Avatar's GPU Connection
“Oops, he did it again….” James Cameron’s Avatar burned holes in most of our wallets as it blazed its way to the top of the heap of highest-grossing films ever, knocking Titanic (also by Cameron) off the pedestal it sat on for nearly 13 years. Oh, and Avatar has also garnered nominations for 33 (and counting) film industry accolades, including nine Academy Awards.
And perhaps no other movie—at least since Star Wars—has had as many people walking out of the theaters wondering to themselves, “How did they do that?” The answer is far more complex than we have space to cover adequately in this entire issue, let alone a few pages. However, one of the many secrets behind Cameron’s ability to put the CG world of Pandora on the big screen in such photo-realistic, believable detail is the close partnership between Peter Jackson’s Weta Digital visual-effects company and NVIDIA.
New Zealand–based Weta Digital had been using NVIDIA hardware in its visual effects pipeline, and the company currently uses both Quadro and Tesla GPUs to render effects for films.
And you better believe that every ounce of the parallel-processing horsepower in these high-performance GPU platforms was brought to bear on the unique challenges presented by Cameron’s vision for Avatar. Indeed, “unique” is an understatement: Weta Digital was tasked with creating sequences for the film that including as many as 800 fully CG characters in highly stylized digital environs, making Avatar the most computationally intensive project Weta Digital has worked on to date.
The complexity of Avatar motivated us to think about rendering differently,” explains Sebastian Sylwan, Weta’s head of research and development. “We do our final beauty-pass renders with RenderMan, but to optimize artistic iterations on Avatar's huge data sets, we moved the bulk of the calculation to a pre-computation step. The issues we needed to solve weren’t as much about rendering as they were about high-performance computing, and we realized that using the massively parallel power of a GPU to solve problems is NVIDIA’s expertise.”

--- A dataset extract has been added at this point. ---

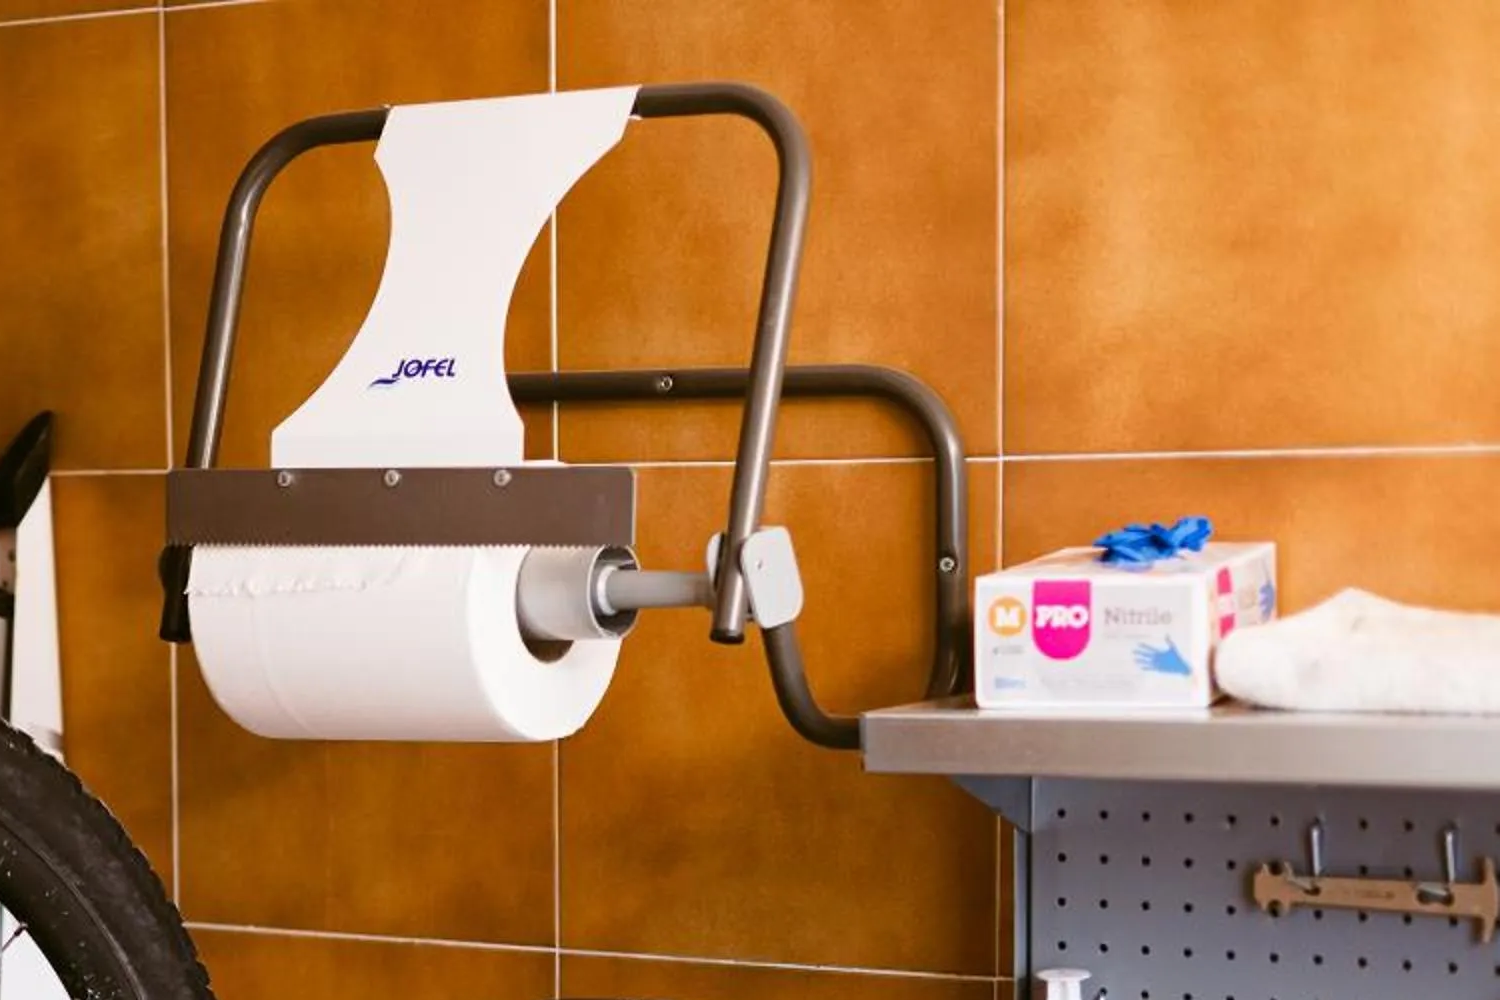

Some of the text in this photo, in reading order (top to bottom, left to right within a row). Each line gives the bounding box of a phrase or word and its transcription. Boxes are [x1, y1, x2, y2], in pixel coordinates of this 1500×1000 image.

[994, 605, 1021, 628] M
[1034, 604, 1090, 629] PRO
[1103, 605, 1173, 626] Nitrile

In March of 2009, Weta Digital Rendering Research Lead, Luca Fascione, Weta Digital Chief Technology Officer Paul Ryan, and Jacopo Pantaleoni, an NVIDIA research senior architect, discussed what Weta was up against. “Paul let me know that for the first time in the history of CG visual effects, the number of polygons required was going to be measured in billions rather than in millions,” says Pantaleoni. “Luca described their unique approach to lighting, and their need for a scalable solution to ray trace the entire, amazingly complex world [of Pandora].”
Over the course of several months, Weta and NVIDIA worked to co-develop a completely new ray-tracing engine (dubbed PantaRay) to dramatically increase the power and speed of Weta’s visual effects pipeline.
PantaRay was designed specifically to accelerate the pre-computation of the scene-occlusion information that was used throughout Weta’s rendering pipeline, to allow for very fast recomputation of image-based lighting. NVIDIA ported PantaRay from a CPU-based server to a CUDA-based GPU server architecture running Tesla S1070 GPUs, which resulted in a 25x speed increase.
Essentially, this approach enabled Weta to render more complex scenes in less time for Avatar, while using less memory and fewer processors. Weta artists were able to create new iterations of scenes more quickly, and make more changes to scenes—ultimately achieving much higher quality, photorealistic results.
A shot that exemplifies the advantages Weta achieved with PantaRay can be seen in the movie’s promotional trailer. The shot from a helicopter looking over a huge flock of hundreds of purple creatures flying over water, with a massive tree-covered mountain in the background was pre-computed in just a day and a half using PantaRay. “That shot would have taken a week with previous methods,” says Weta’s Fascione. “The fact that it was so much faster with PantaRay meant that we were able to create a much more beautiful shot—you can see fine detail on every bush, every leaf. The color separation between distances is clean and clear. The computational power of PantaRay made the difference.”
Weta Digital plans to incorporate PantaRay running on NVIDIA Tesla GPUs into its pipeline for the upcoming Steven Spielberg/Peter Jackson film, Tintin, as well as exploring new ways in which PantaRay and GPUs can further accelerate its overall visual effects pipeline.